◆ Activity
All records below should be repeated exactly, with the pictures left out.

Start of Block

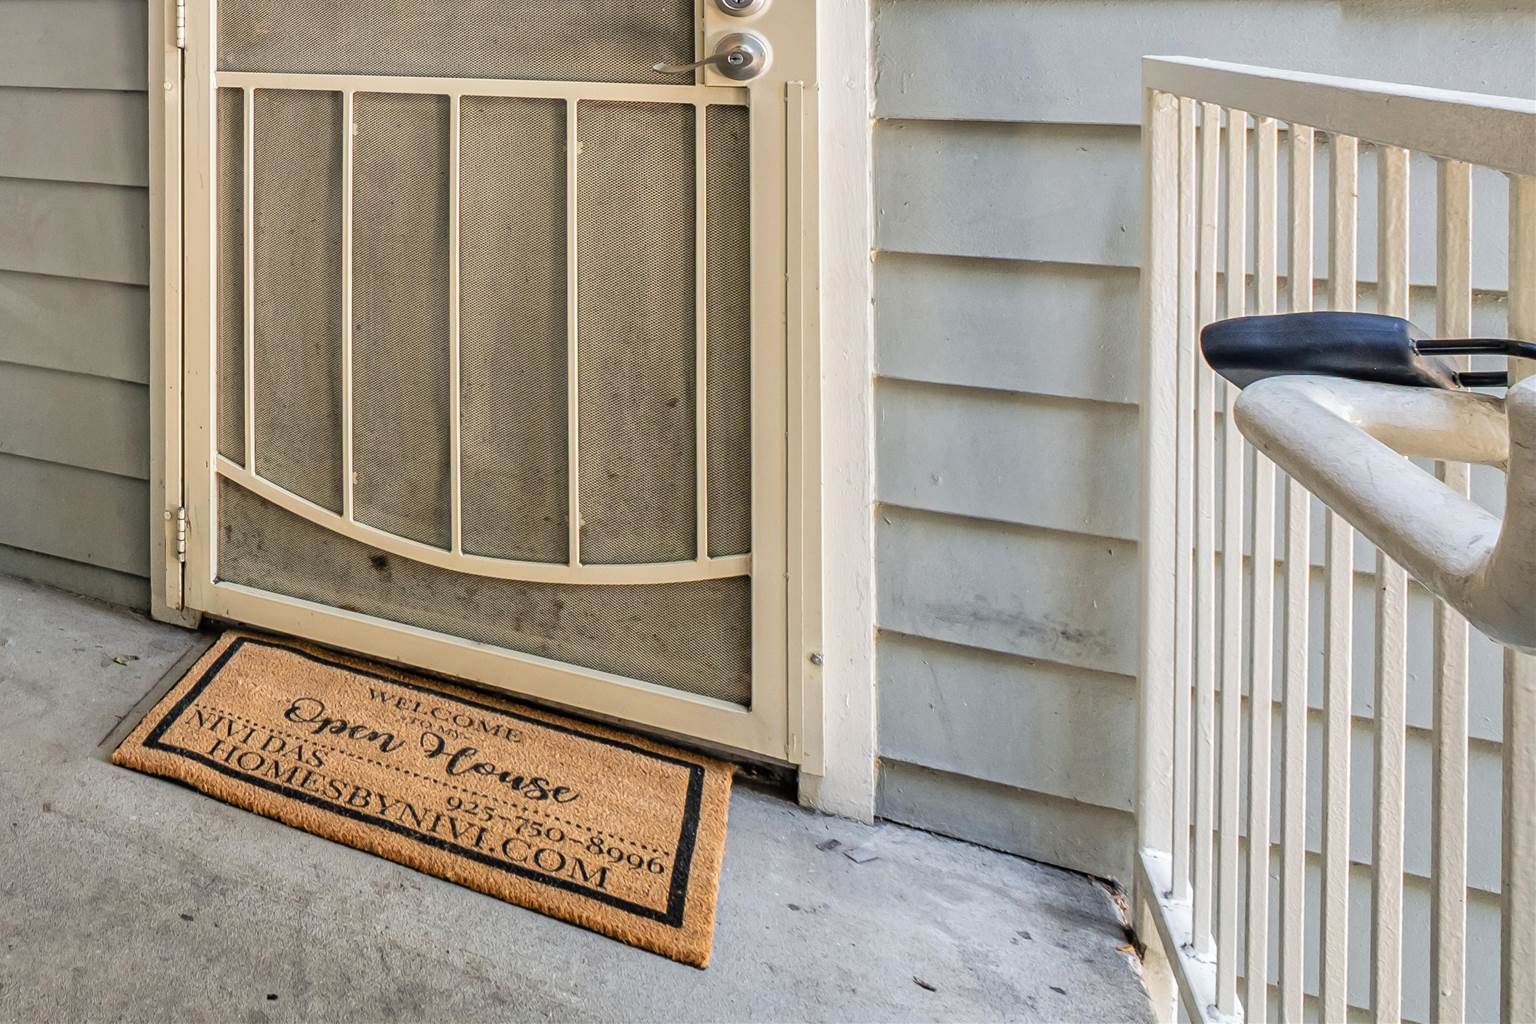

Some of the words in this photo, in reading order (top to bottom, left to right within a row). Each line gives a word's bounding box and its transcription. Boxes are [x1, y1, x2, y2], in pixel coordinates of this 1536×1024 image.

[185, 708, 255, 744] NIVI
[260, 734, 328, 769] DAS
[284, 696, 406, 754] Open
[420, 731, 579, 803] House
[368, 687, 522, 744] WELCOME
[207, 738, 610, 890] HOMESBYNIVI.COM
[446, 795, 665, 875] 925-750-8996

End of Block

◆ Expected answer
Some of the words in this photo, in reading order (top to bottom, left to right within a row). Each line gives a word's bounding box and its transcription. Boxes are [x1, y1, x2, y2], in pixel coordinates of this 1536×1024 image.

[185, 708, 255, 744] NIVI
[260, 734, 328, 769] DAS
[284, 696, 406, 754] Open
[420, 731, 579, 803] House
[368, 687, 522, 744] WELCOME
[207, 738, 610, 890] HOMESBYNIVI.COM
[446, 795, 665, 875] 925-750-8996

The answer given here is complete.